═════ Data for the task

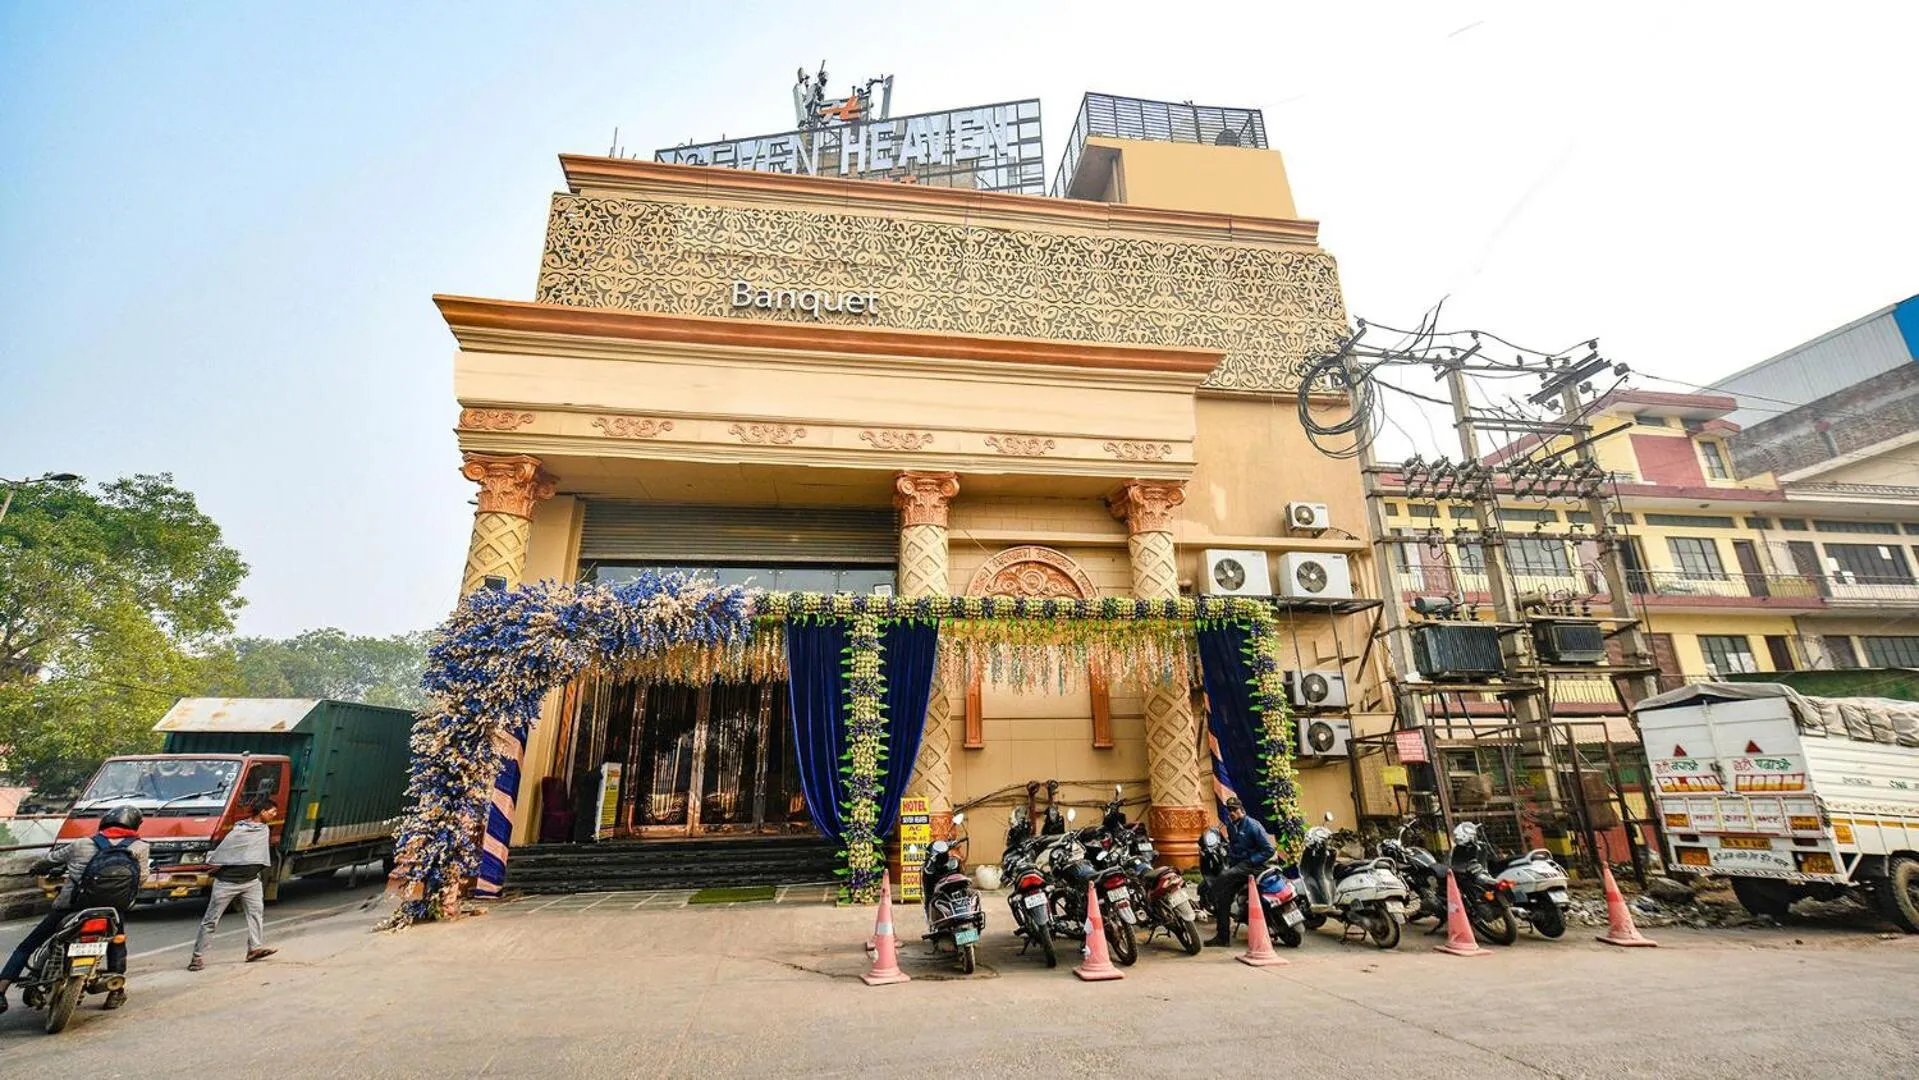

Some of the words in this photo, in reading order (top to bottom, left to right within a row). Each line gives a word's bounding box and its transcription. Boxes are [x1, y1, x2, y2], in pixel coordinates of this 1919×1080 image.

[839, 107, 1009, 175] HEAVEN
[731, 280, 879, 318] Banquet
[902, 800, 927, 812] HOTEL
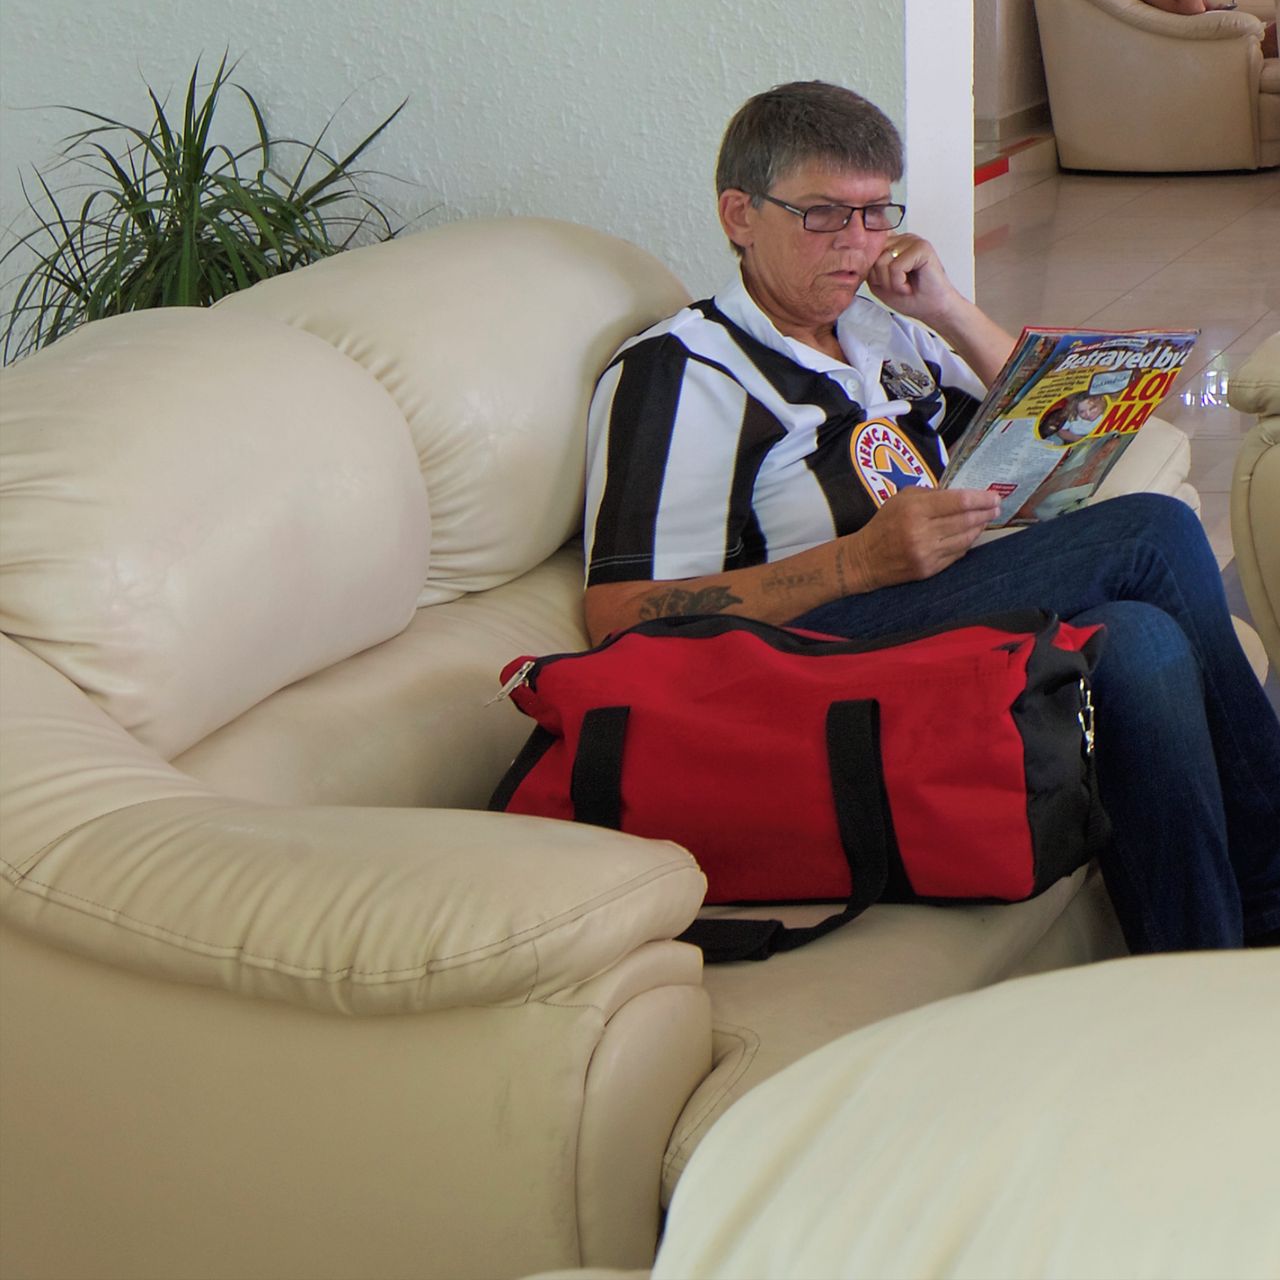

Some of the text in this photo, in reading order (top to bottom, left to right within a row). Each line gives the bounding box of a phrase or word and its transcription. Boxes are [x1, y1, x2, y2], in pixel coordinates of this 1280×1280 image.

[1055, 346, 1162, 373] Betrayed
[1152, 345, 1186, 374] by
[860, 427, 924, 476] NEWCASTLE

══════════

### Description of the task:
Output all of the records exactly as they appear above, but not the pictures.

### Response area:
Some of the words in this photo, in reading order (top to bottom, left to right within a row). Each line gives a word's bounding box and its transcription. Boxes are [x1, y1, x2, y2], in pixel coordinates of this 1919×1080 image.

[839, 107, 1009, 175] HEAVEN
[731, 280, 879, 318] Banquet
[902, 800, 927, 812] HOTEL

Some of the text in this photo, in reading order (top to bottom, left to right within a row). Each line gives the bounding box of a phrase or word and its transcription. Boxes are [x1, y1, x2, y2], in pixel coordinates of this 1280×1280 image.

[1055, 346, 1162, 373] Betrayed
[1152, 345, 1186, 374] by
[860, 427, 924, 476] NEWCASTLE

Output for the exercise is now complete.